O último mergulho
Letícia Tórgo é escritora, tradutora e produtora cultural
A temperatura das últimas semanas estava de matar. As vendas de ventiladores na Canadian Tire dispararam. O horário das piscinas, estendidos até segunda ordem. As “praias de água parada”, nem todas próprias para banho, lotadas.
No centro da cidade, havia uma espécie de mal-estar nas ruas, como se cada pedestre estivesse vivendo uma batalha particular para chegar em casa, tomar uma ducha gelada e esquecer o vapor que subia do asfalto por suas canelas. Alguns entravam de tempos em tempos, no Tim Horton’s, que já estava com o ar condicionado a todo vapor. Café? Não, obrigado.

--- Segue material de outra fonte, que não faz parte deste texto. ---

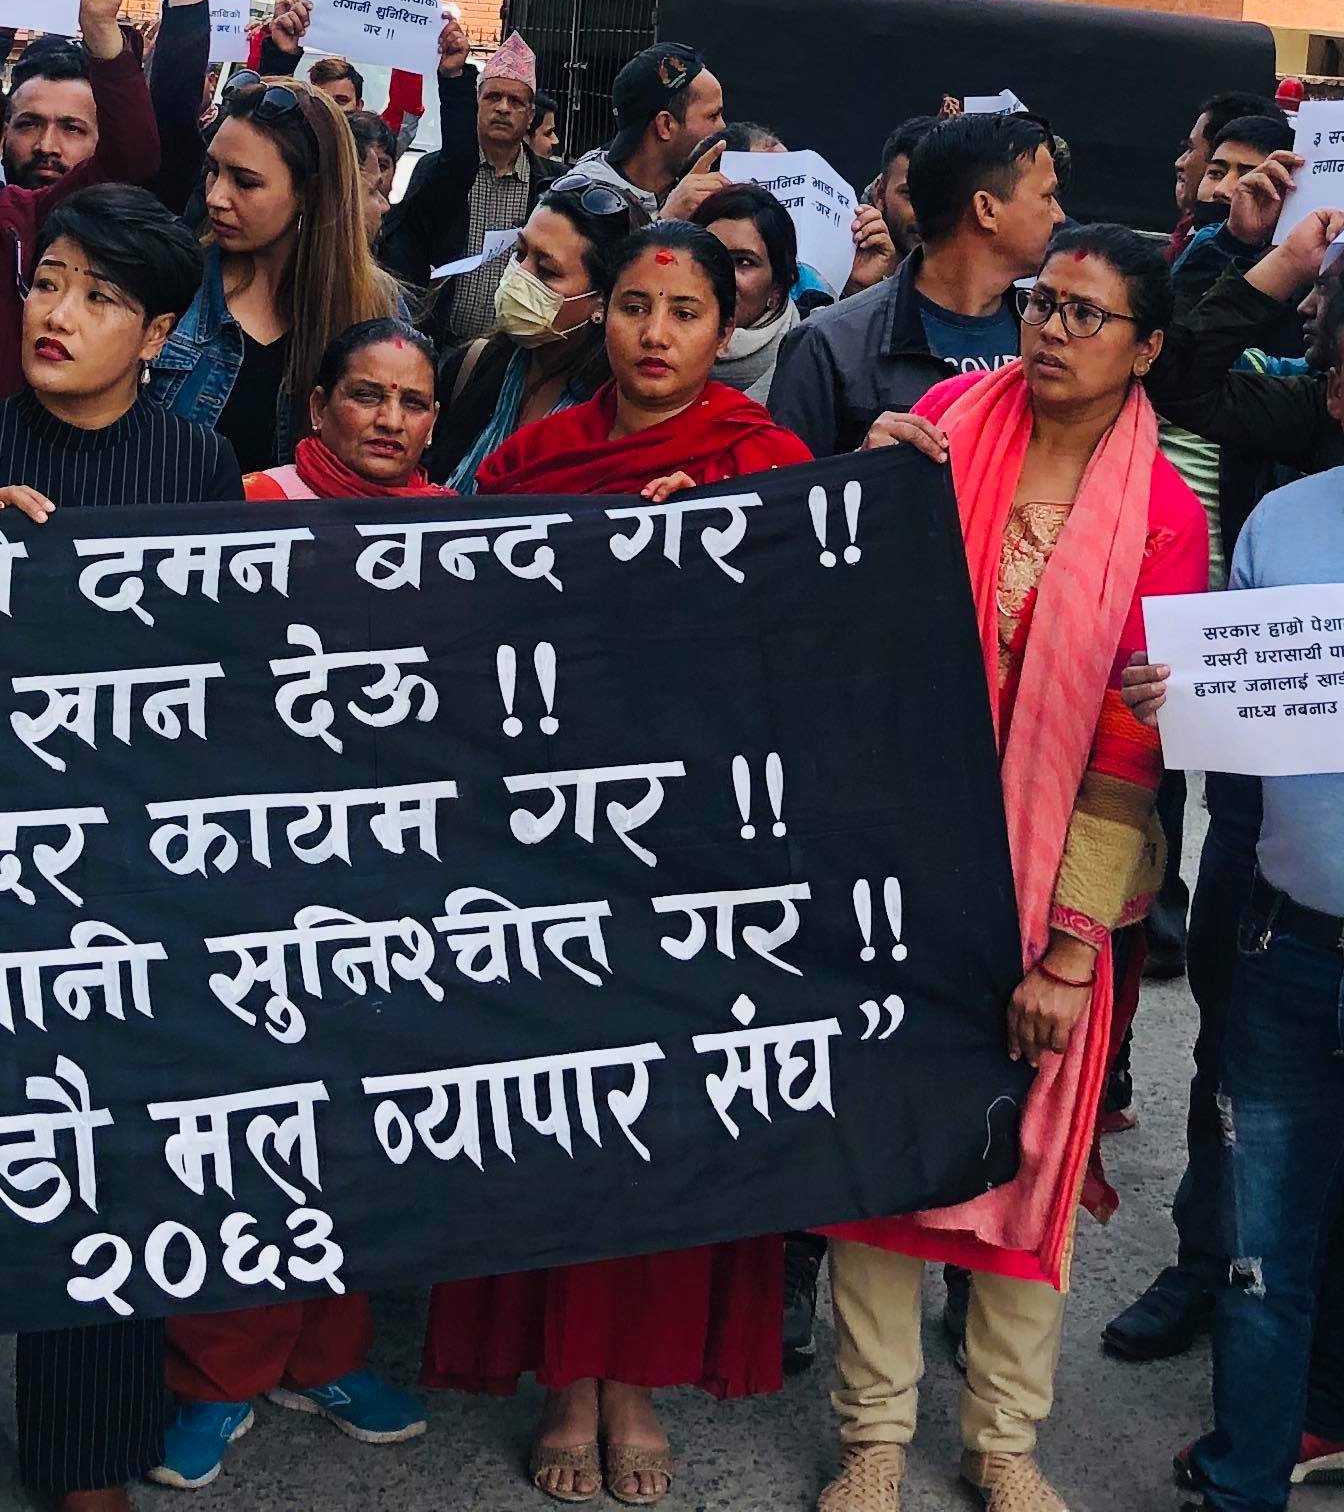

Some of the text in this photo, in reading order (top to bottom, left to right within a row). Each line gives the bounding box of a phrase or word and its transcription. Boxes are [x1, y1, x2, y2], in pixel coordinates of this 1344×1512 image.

[363, 23, 381, 36] गर
[74, 527, 314, 627] दमन
[354, 513, 573, 594] बन्द
[606, 491, 763, 584] गर
[808, 480, 863, 567] !!
[1203, 622, 1261, 640] सरकार
[1203, 648, 1247, 667] यसरी
[1255, 643, 1322, 664] धरासायी
[10, 661, 225, 773] खान
[268, 624, 441, 753] देऊ
[495, 641, 559, 738] !!
[1194, 678, 1237, 698] हजार
[1244, 673, 1309, 693] जनालाई
[145, 781, 459, 879] कायम
[503, 761, 687, 869] गर
[730, 752, 788, 839] !!
[652, 881, 810, 976] गर
[852, 877, 910, 963] !!
[147, 1080, 330, 1205] मल
[362, 1042, 664, 1172] व्यापार
[67, 1207, 345, 1316] २०६३

Aqueles que chegaram há pouco estavam surpresos. Eles sempre acreditaram que a tal história do “calor canadense” era mito. “Exagero de brasileiro.” Estavam tão preparados para o inverno que simplesmente não conseguiam pensar sobre o que estava acontecendo. Calor. Monumental calor.
Já para os mais antigos, o clima era de festa. Hashtag verão. Depois de mais de cinco invernos no Norte, eles valorizavam cada gota de suor que teimava em percorrer a espinha como um elixir dos deuses. Uma poção mágica. Um portal secreto para o paraíso.
Mas todo Carnaval tem seu fim e por aqui não seria diferente. Era um domingo qualquer de céu azul. O sol brilhava lá fora. Pela janela, a impressão era clara: mais um dia quente pela frente. Mas algo havia mudado de repente. Uma pequena brisa. “Uma brisinha”, alguns diriam. Não era mais aquela brisa quente. Ela até parecia refrescante depois de tantos dias de calor intenso. Mas não era só isso. Era um prenúncio. O início do fim.
A menina do centro de informações já havia mudado o figurino. Ela e seu casaquinho leve estavam prontos para sorrir para os turistas em seus moletons vermelhos. O rapaz que entrou na Dollarama para comprar papel alumínio e esponja de cozinha respirou fundo quando passou pelo corredor número seis: folhas de outono decorativas. Vermelhas, laranjas e amarelas. Afinal, quem precisa delas?
E assim como acontecia todos os anos, para alguns pela primeira vez, para outros um déjà vu, o verão estava perto do fim. Será que ainda dá tempo para um último mergulho?